*** DATA FOR THE TASK Section Begins ***

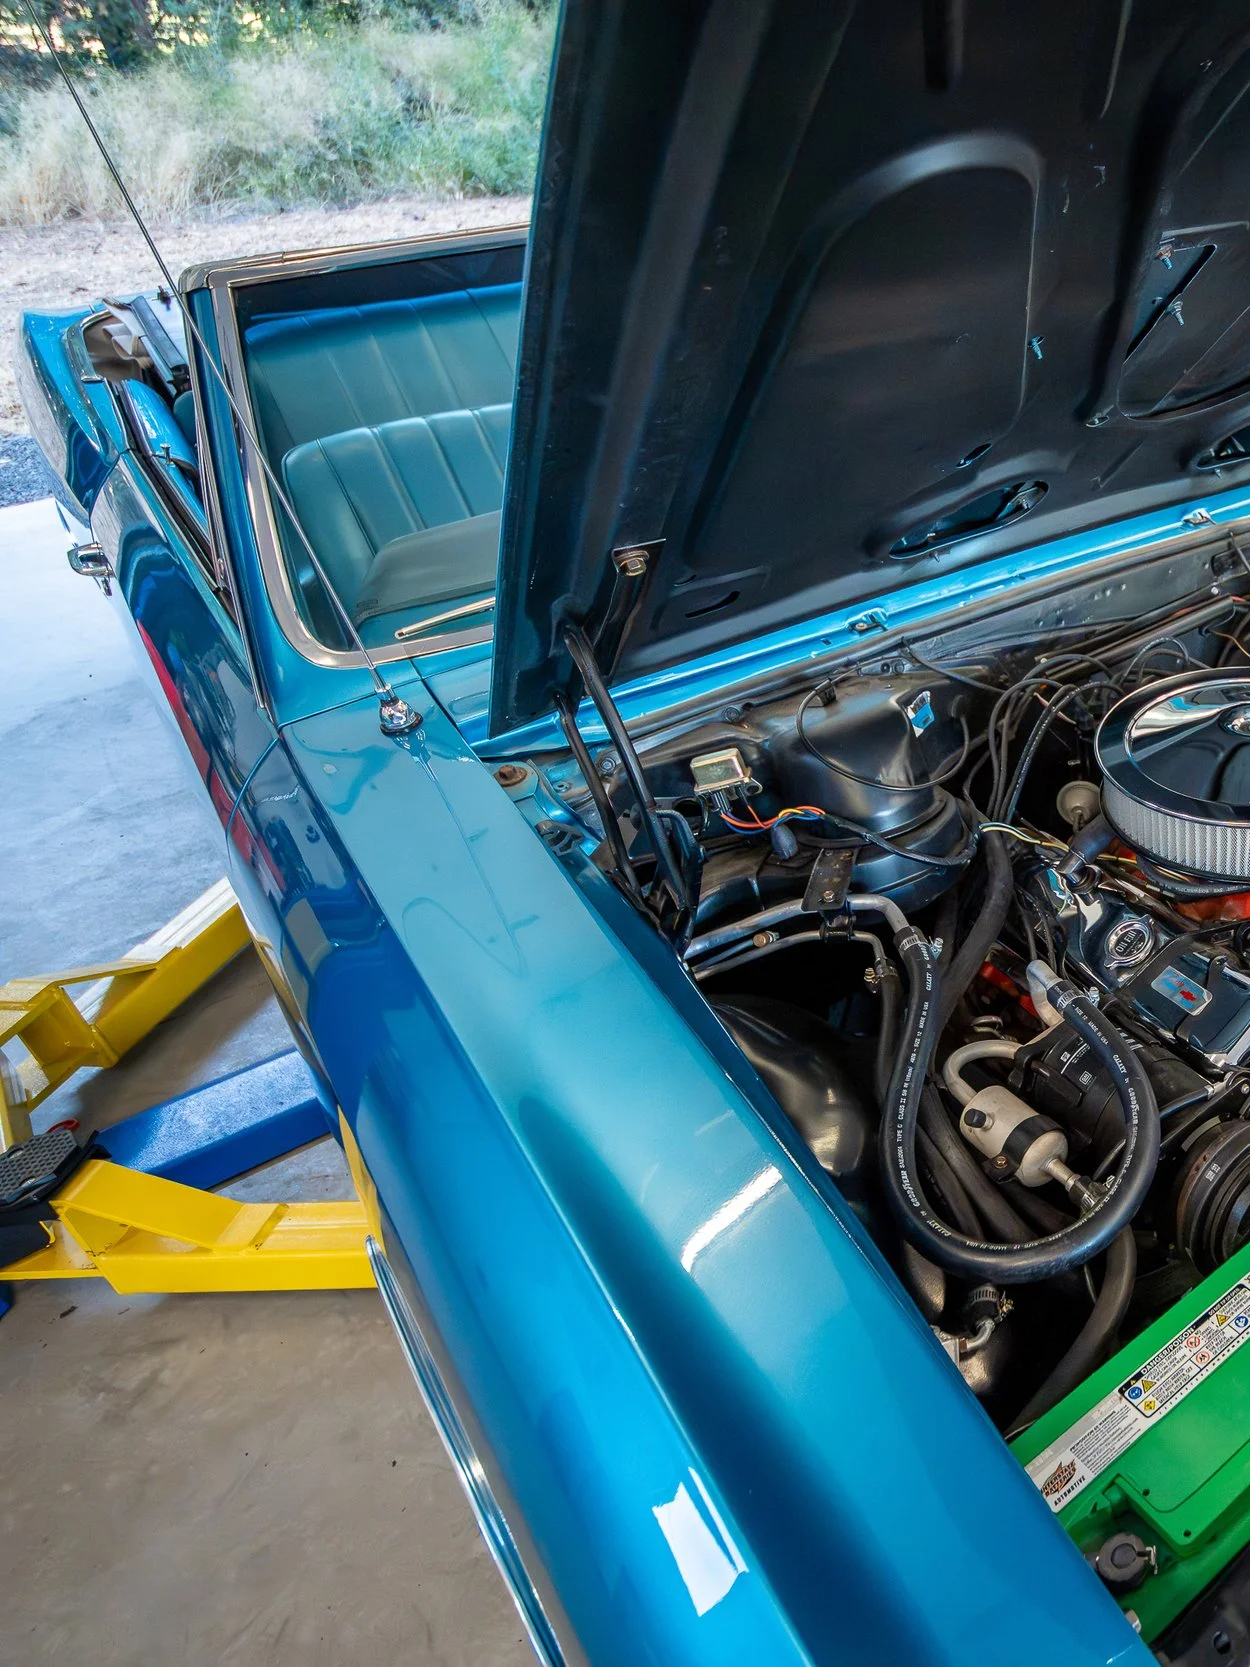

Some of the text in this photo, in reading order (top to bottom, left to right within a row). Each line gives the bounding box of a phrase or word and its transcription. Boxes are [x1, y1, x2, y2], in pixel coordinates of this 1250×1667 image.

[1088, 1021, 1098, 1032] MADE
[1113, 1055, 1127, 1073] GALAXY
[1128, 1088, 1139, 1124] GOODYEAR
[901, 1171, 920, 1206] GOODYEAR
[1139, 1326, 1195, 1375] DANGER/POISON
[1052, 1474, 1086, 1506] AUTOMOTIVE
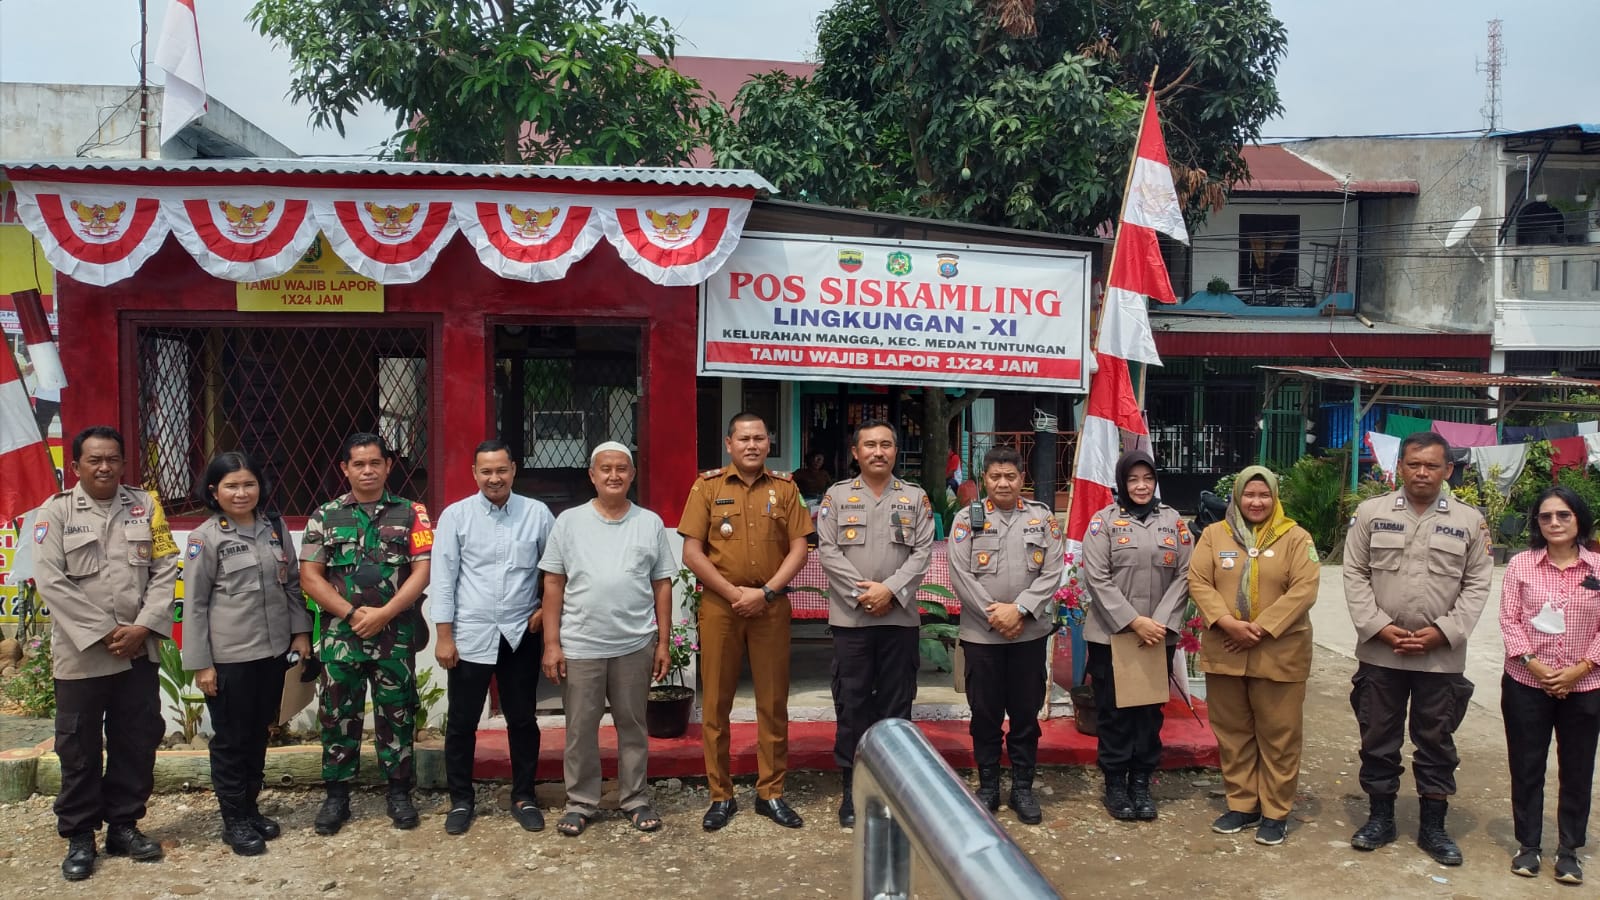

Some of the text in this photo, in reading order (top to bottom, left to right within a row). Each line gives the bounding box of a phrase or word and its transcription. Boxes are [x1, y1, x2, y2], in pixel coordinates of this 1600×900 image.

[284, 280, 326, 291] WAJIB
[330, 280, 377, 292] LAPOR
[728, 272, 1062, 317] POS SISKAMLING
[281, 294, 343, 305] 1X24 JAM
[774, 307, 964, 334] LINGKUNGAN
[988, 318, 1017, 337] XI
[722, 328, 1066, 355] KELURAHAN MANGGA, KEC. MEDAN TUNTUNGAN
[750, 347, 1039, 374] TAMU WAJIB LAPOR 1X24 JAM
[891, 504, 916, 512] POLRI
[1435, 525, 1465, 539] POLRI
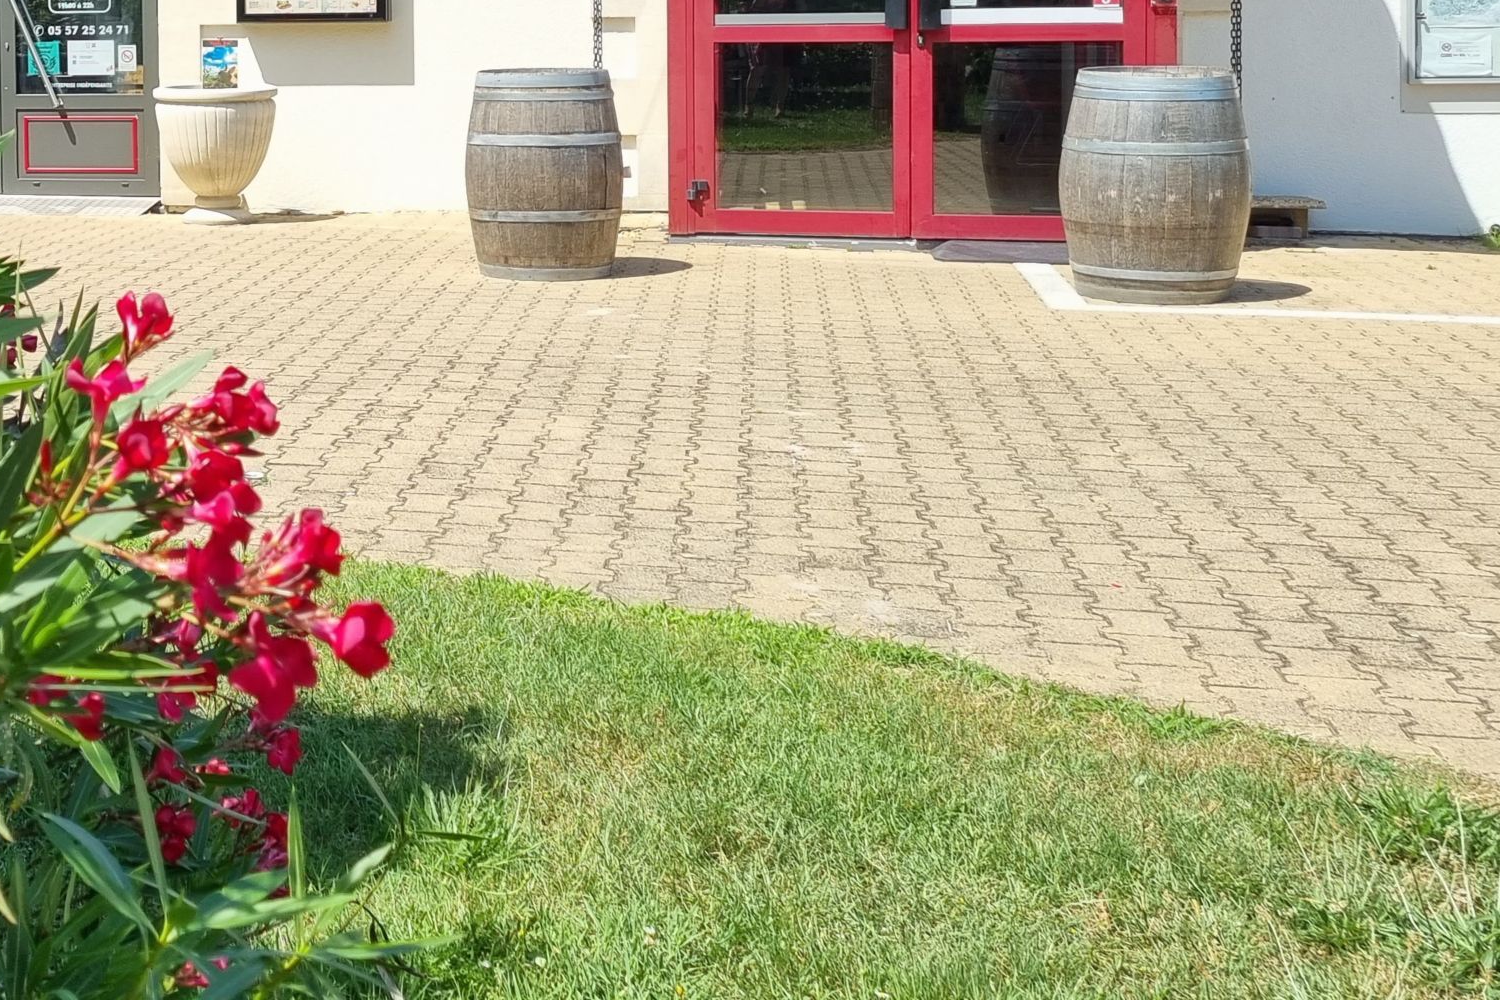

*** DATA FOR THE TASK Section Ends ***

INSTRUCTIONS TO FOLLOW: Retype every entry word for word, but do not carry over the pictures.

SOLUTION TO THIS TASK:
Some of the text in this photo, in reading order (top to bottom, left to right within a row). Each line gives the bounding box of a phrase or word and its transcription. Boxes are [x1, y1, x2, y2], in pixel coordinates of this 1250×1667 image.

[1088, 1021, 1098, 1032] MADE
[1113, 1055, 1127, 1073] GALAXY
[1128, 1088, 1139, 1124] GOODYEAR
[901, 1171, 920, 1206] GOODYEAR
[1139, 1326, 1195, 1375] DANGER/POISON
[1052, 1474, 1086, 1506] AUTOMOTIVE

Some of the text in this photo, in reading order (top to bottom, left to right within a row). Each line gives the bounding box of a phrase or word and its transcription. Boxes are [x1, y1, x2, y2], in pixel coordinates of this 1600×900 image.

[284, 280, 326, 291] WAJIB
[330, 280, 377, 292] LAPOR
[728, 272, 1062, 317] POS SISKAMLING
[281, 294, 343, 305] 1X24 JAM
[774, 307, 964, 334] LINGKUNGAN
[988, 318, 1017, 337] XI
[722, 328, 1066, 355] KELURAHAN MANGGA, KEC. MEDAN TUNTUNGAN
[750, 347, 1039, 374] TAMU WAJIB LAPOR 1X24 JAM
[891, 504, 916, 512] POLRI
[1435, 525, 1465, 539] POLRI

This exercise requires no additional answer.